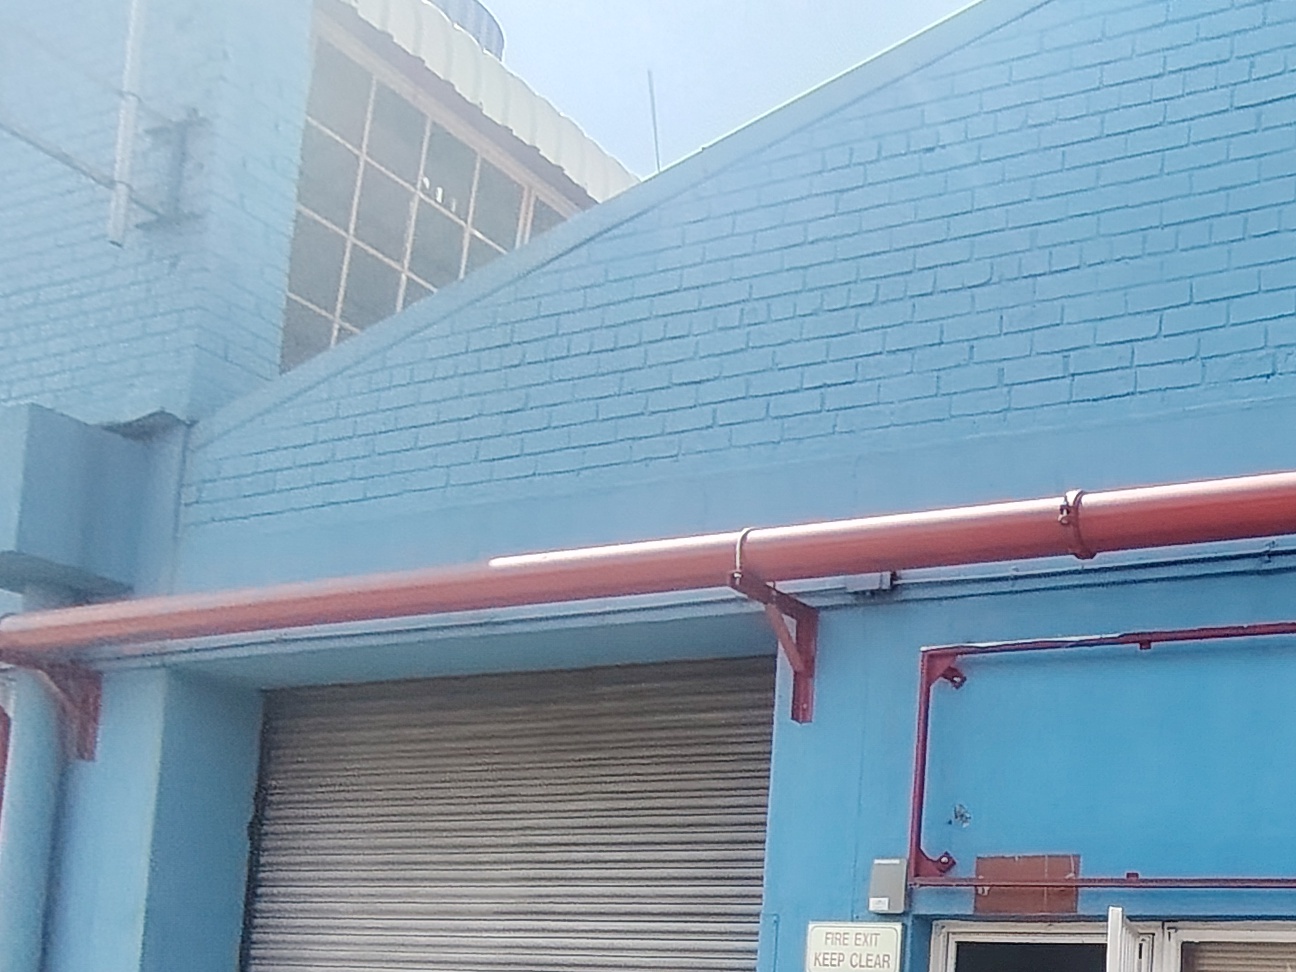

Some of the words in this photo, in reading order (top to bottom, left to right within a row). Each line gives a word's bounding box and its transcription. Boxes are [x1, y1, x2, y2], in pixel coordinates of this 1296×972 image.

[824, 931, 850, 946] FIRE
[854, 932, 881, 947] EXIT
[813, 952, 845, 967] KEEP
[849, 953, 891, 969] CLEAR

----------------------------------------

- Problem description
In full and without changes, repeat the listing above, but not its pictures.

- Reply to the exercise
Some of the words in this photo, in reading order (top to bottom, left to right within a row). Each line gives a word's bounding box and its transcription. Boxes are [x1, y1, x2, y2], in pixel coordinates of this 1296×972 image.

[824, 931, 850, 946] FIRE
[854, 932, 881, 947] EXIT
[813, 952, 845, 967] KEEP
[849, 953, 891, 969] CLEAR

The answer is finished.